After Jean-Baptiste André Gautier-Dagoty, Public domain, via Wikimedia Commons

An uprising against the monarchy began on July 14, 1789, also known as “Bastille Day,” when a mob stormed the Bastille prison and stole the weapons and ammunition they needed. The royal family was brought to Paris, where they practically lived under house arrest, on October 6, of that same year, after they entered Versailles. The French Republic came into being and the monarchy was formally abolished in 1792.

Marie Antoinette was put on trial the following year, in 1793, for treason and several other offences, including adding to the national debt of France by leading a lavish lifestyle. She spent her last days in a miserable prison because the jury had found her guilty and because it was thought to be too elegant for the queen. Four years after being brought to Paris, she died at the guillotine on October 16, 1793.

2. King Louis XVI

The French monarchy, which came to an end with King Louis XVI, was founded on the idea of the divine right of kings, which essentially held that God had appointed a king and that he was therefore above the law. Sadly, King Louis XVI is known for his political incompetence, which may have contributed to the French Revolution, even though he was not required to be competent to occupy the office.
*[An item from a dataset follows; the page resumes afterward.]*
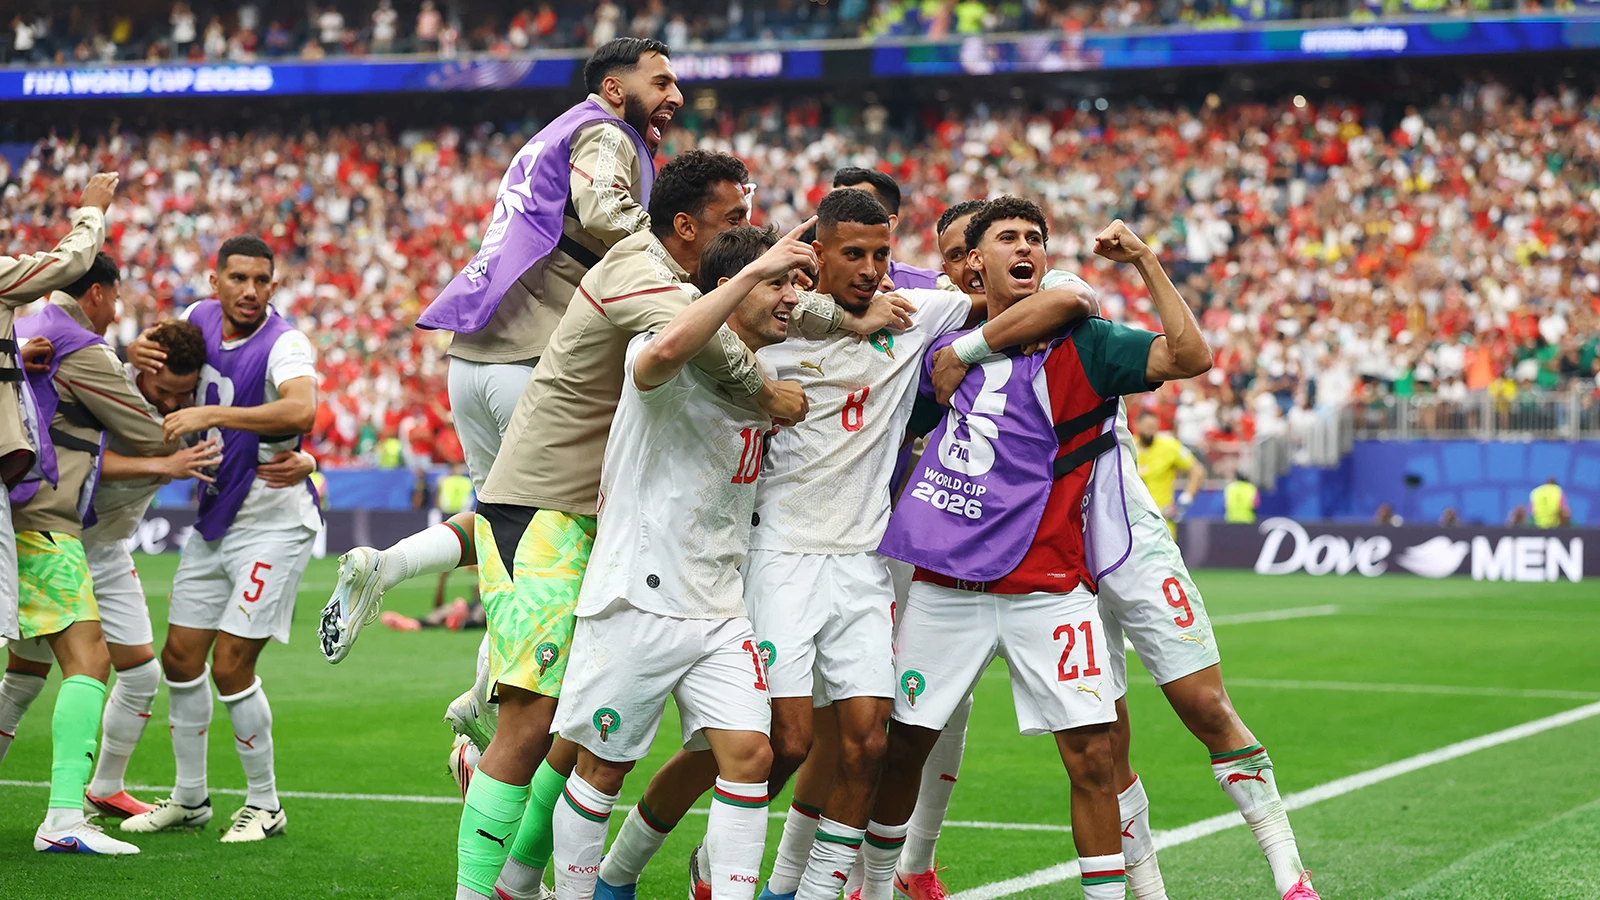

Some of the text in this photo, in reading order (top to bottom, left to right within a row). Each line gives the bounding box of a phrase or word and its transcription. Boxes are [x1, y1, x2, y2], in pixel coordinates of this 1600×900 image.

In May 1789, King called a meeting of the Estates-General, a group of nobles and commoners, to discuss the country’s financial difficulties. The members of the meeting decided to draught a new constitution that would restrict the authority of the “divinely instated” ruler, thus it didn’t go well for the king. The monarch was powerless to stop the coming revolution since he was indecisive and incapable of handling issues. He was transferred to Paris, where the new National Assembly found him guilty of treason, along with his wife and family. On January 21, 1793, the king was executed by hanging.

3. Princess Elisabeth

Louis XVI’s sister, Princess Elisabeth, was a royal. She had only turned a year old when he took the throne, and she stayed close to him and the rest of her family throughout his reign. She never married, possibly because she was very close to her brother and did not want to form a foreign bond through marriage, which would definitely separate her from her family. She had a reputation for being deeply religious and adopted a conservative royalist political stance, likely because of the close connection between religion and the monarchy due to the concept of monarchs’ divine right.

Robespierre had her detained and brought before the Revolutionary Tribunal in 1794 despite the fact that she was not viewed as a threat; the king and queen had already been put to death, so her fate had already been decided. She was put to death at the guillotine after being accused of treason for aiding the royal family in their attempt to flee.